Graduated from U. of Wisconsin-Madison after the then usual 4 years in 1970. I considered dropping out in my freshman year to see if I could have more fun pursuing a writing career. (I was making a little money being a part-time campus reporter for the Milwaukee Journal.) However, I didn’t want to give up my student deferment. I went to see a "draft" lawyer who advised getting a zillion x-rays in the hopes of being able to come up with some abnormality that would support a 4-F. However, I was a biology major and the idea of getting a huge dose of x-rays seemed unhealthy.
  On the evening of the first draft lottery I went to the office of the student newspaper, the Daily Cardinal. I forget whether the numbers came over a tv or over a teletype. As I recall the first birthdate called would be No. 1 and would be sure to be drafted. I was delighted when my number came up around 250 which indicated I wouldn’t be drafted. It was a huge relief.

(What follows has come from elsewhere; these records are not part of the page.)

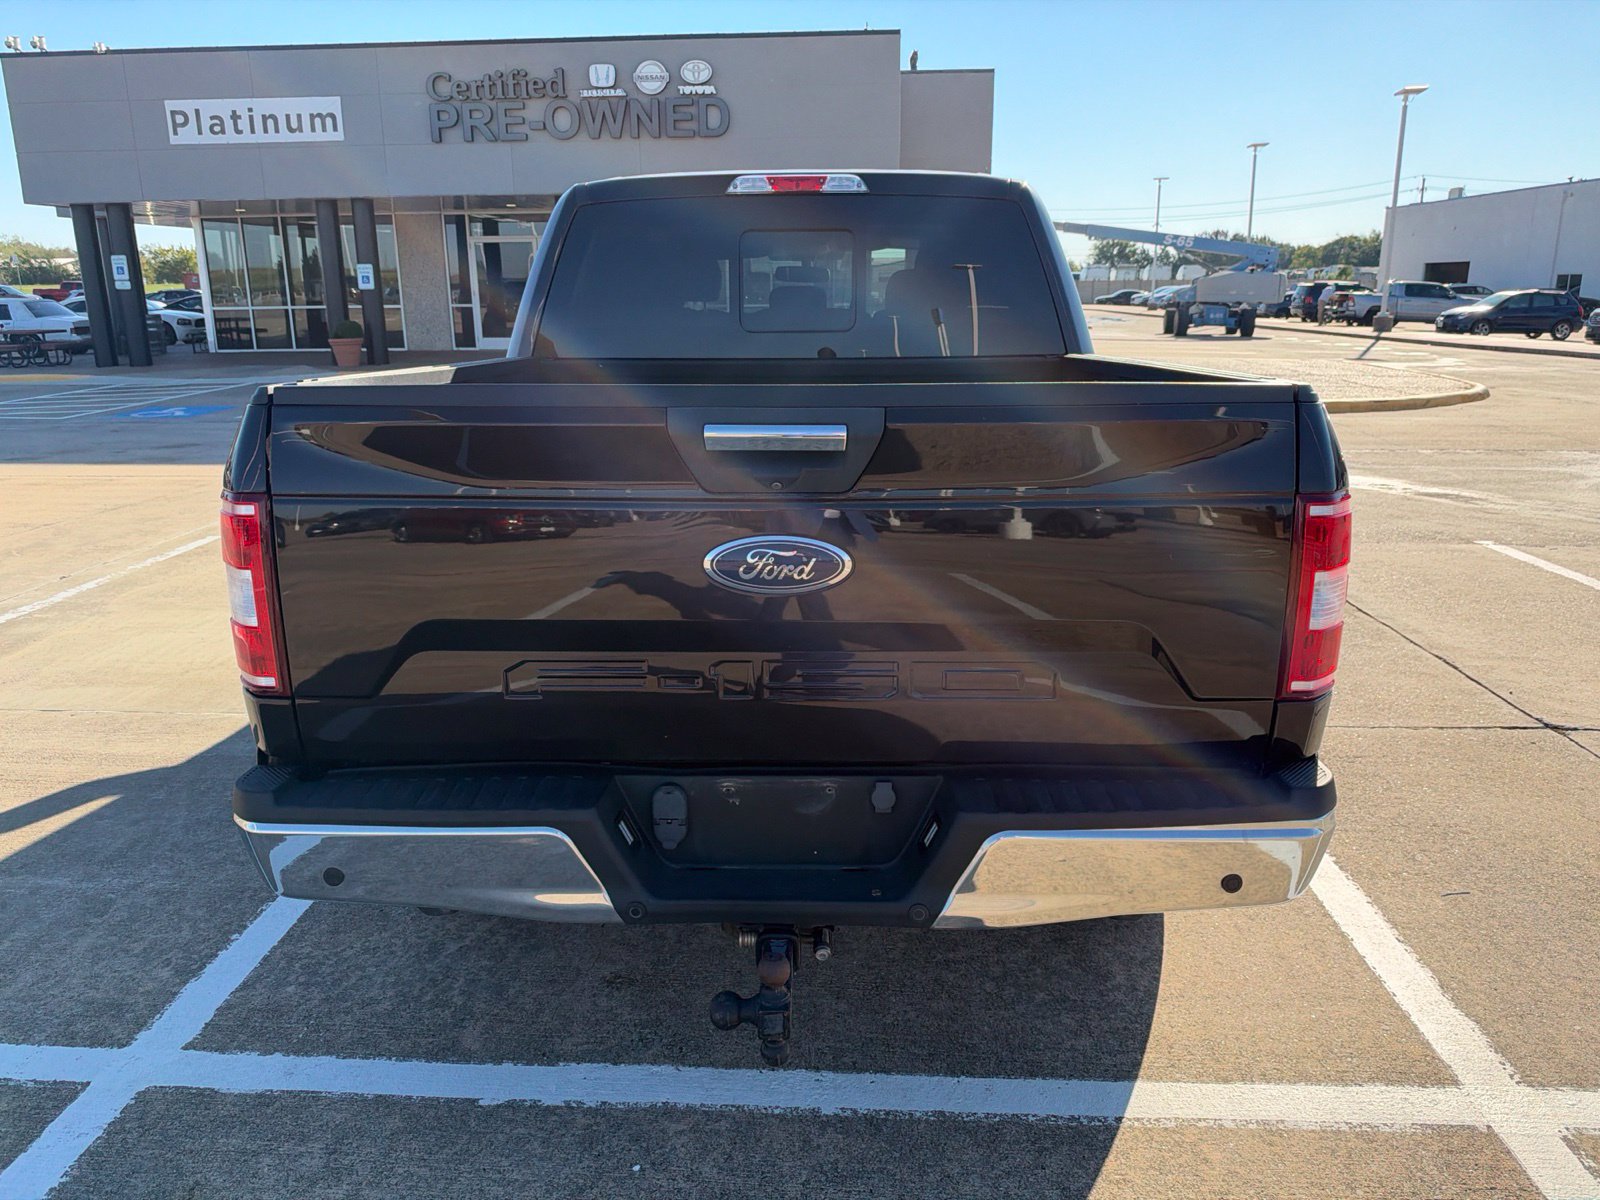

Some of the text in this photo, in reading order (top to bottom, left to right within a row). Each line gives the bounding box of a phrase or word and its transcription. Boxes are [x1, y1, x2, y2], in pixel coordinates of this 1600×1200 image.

[426, 67, 568, 101] Certified
[678, 85, 716, 95] TOYOTA
[170, 108, 338, 136] Platinum
[429, 97, 730, 143] PRE-OWNED
[1163, 235, 1195, 247] S-65
[738, 549, 816, 580] Ford
[503, 659, 1056, 700] F-150
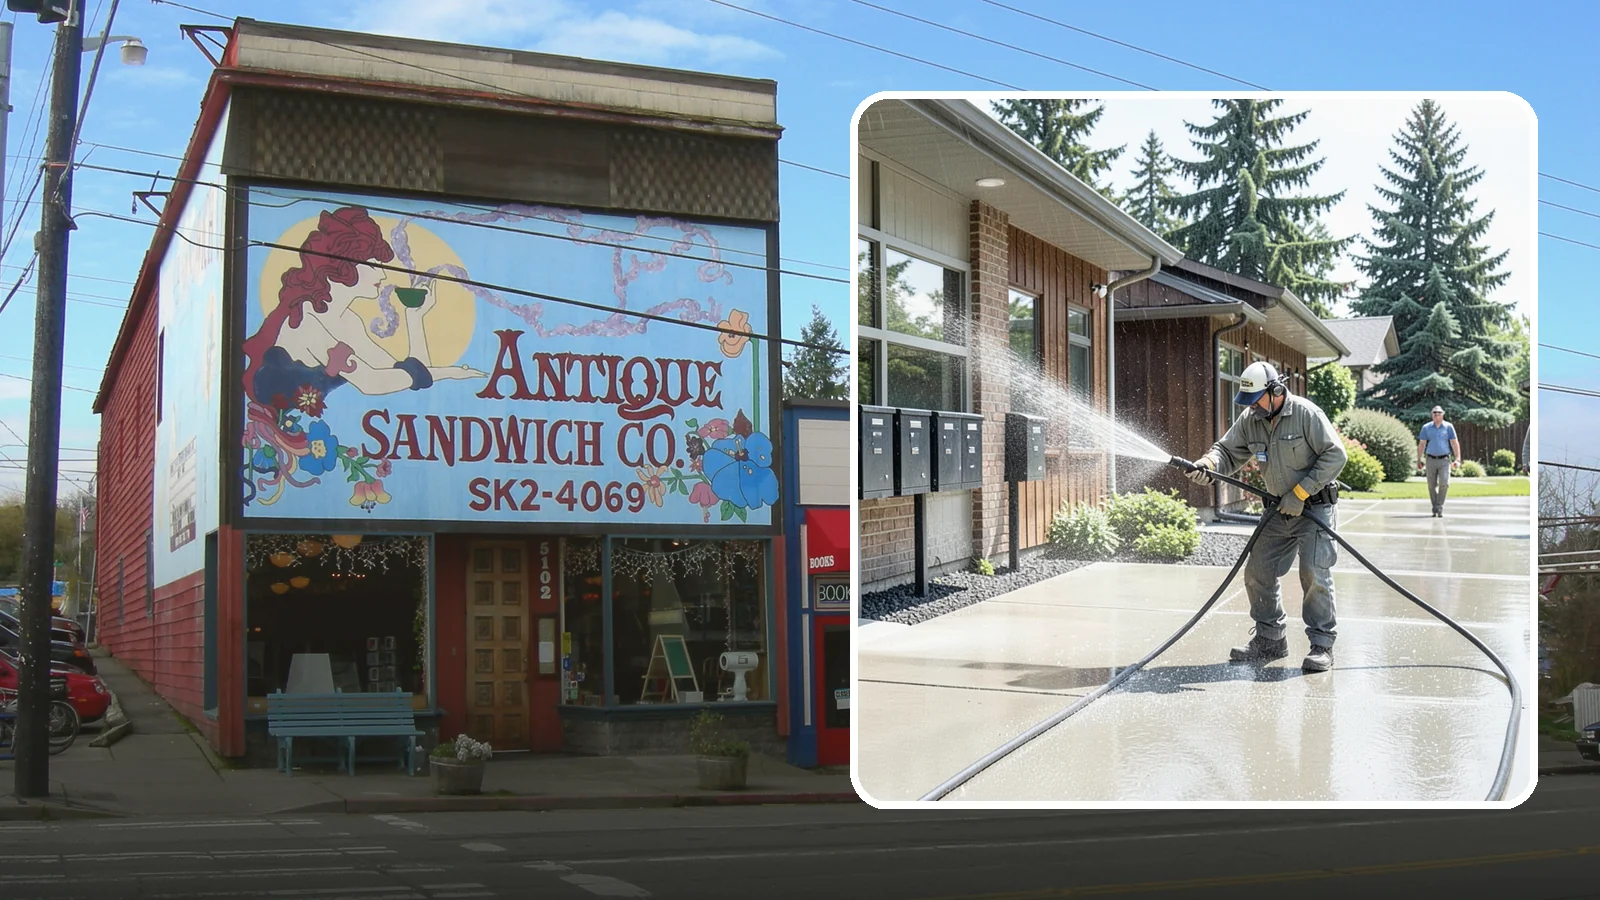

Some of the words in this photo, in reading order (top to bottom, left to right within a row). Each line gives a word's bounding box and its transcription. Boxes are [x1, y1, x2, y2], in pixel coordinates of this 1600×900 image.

  My dad gave up a job deferment to volunteer for WWII, but he saw the Vietnam War from the beginning as a foolish war and correctly understood that the national interests of the various communist countries would trump the idea of international communism. Thus I had plenty of family support for not wanting that free trip to Vietnam.
  I also recall that in those days it took powerful connections to get into the National Guard which sat out the Vietnam War. I wonder how many young people today realize that President Bush chose to avoid the Vietnam War and probably had his dad pull some strings to get him into the National Guard.